IllegalArgumentException
UserNotFoundException
UserAlreadyExistsException
RequestNotAuthorised
UserServiceDisabled
ok

if get response like UserAlreadyExistsException on register page i want to show up
THIS USERNAME IS ALREADY REGISTERED
if get response like ok on register page i want to show up
Have Fun on cyberfun now you are registered

later edit:
and i can't make a mysql_query because the password has a hash that can't be implemented in php

Re: http request

Posted: Tue Apr 29, 2008 11:45 am
by Kieran Huggins
the second <form> tag is likely causing you some problems

Re: http request

Posted: Tue Apr 29, 2008 2:28 pm
by cybernet
Kieran Huggins wrote:the second <form> tag is likely causing you some problems
i just give an exemple
do you help me or not
or just watching at hot the cool is the font i write it ?? :dubious:

Re: http request

Posted: Wed Apr 30, 2008 11:09 am
by cybernet
guess not :cry:

Re: http request

Posted: Wed Apr 30, 2008 1:21 pm
by Kieran Huggins
:dubious:

Re: http request

Posted: Wed Apr 30, 2008 1:55 pm
by Christopher
If you want to make additional requests in the background -- use the cURL library, or for PHP4 use the Snoopy class.

Re: http request

Posted: Wed Apr 30, 2008 3:54 pm
by cybernet
Kieran Huggins wrote::dubious:
what is suppose to mean ?

Re: http request

Posted: Fri May 02, 2008 1:45 pm
by RobertGonzalez
@cybernet I think we might be having a hard time understanding your English. I apologize for this.

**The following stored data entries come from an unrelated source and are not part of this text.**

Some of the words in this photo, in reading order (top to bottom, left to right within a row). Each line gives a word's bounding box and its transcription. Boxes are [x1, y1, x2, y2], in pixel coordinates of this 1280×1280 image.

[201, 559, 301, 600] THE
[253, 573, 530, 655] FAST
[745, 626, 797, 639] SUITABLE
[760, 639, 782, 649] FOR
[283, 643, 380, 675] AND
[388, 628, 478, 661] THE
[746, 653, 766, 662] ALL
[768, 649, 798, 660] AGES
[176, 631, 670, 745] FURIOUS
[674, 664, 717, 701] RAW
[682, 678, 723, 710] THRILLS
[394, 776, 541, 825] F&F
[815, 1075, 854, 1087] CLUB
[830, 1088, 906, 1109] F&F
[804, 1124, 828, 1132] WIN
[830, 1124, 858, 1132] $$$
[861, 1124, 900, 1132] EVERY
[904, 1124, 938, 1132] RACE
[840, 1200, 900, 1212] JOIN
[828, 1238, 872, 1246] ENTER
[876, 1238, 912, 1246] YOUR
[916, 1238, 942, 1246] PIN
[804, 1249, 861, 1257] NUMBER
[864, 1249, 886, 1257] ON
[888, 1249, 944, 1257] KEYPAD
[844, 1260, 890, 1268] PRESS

Can you explain again what exactly you are trying to do and why it requires a background request that your user cannot see in order to do what you want?

Re: http request

Posted: Fri May 02, 2008 2:10 pm
by cybernet
now i can do the background request with cURL from php
Everah wrote:@cybernet I think we might be having a hard time understanding your English. I apologize for this.

Can you explain again what exactly you are trying to do and why it requires a background request that your user cannot see in order to do what you want?
the reason is because it's a security breech, the url contains a password and if you have that password
anyone can add and delete users
when php access that url he (php) will get a reponse
like: ok ,userAlreadyExists, etc.


how can i make php when he will get response like UserAleardyExists
php should execute
echo " Please choose another username ";
and if get answer like ok
php should execute
echo " Now you are registered , Have Fun On CyBerFun ";

Re: http request

Posted: Fri May 02, 2008 2:13 pm
by RobertGonzalez
Password should never be sent by GET. cURL allows sending POST data rather easily so that is how I would suggest you POST information.

My bigger question is why does this need to happen in the background? Why can this not happen like all other sign up/registration pages that handle this all per page request?

Re: http request

Posted: Fri May 02, 2008 2:26 pm
by cybernet
cybernet wrote:and i can't make a mysql_query because the password has a hash that can't be implemented in php
got a better idea :|

because i don't now another solution :banghead: :banghead: :?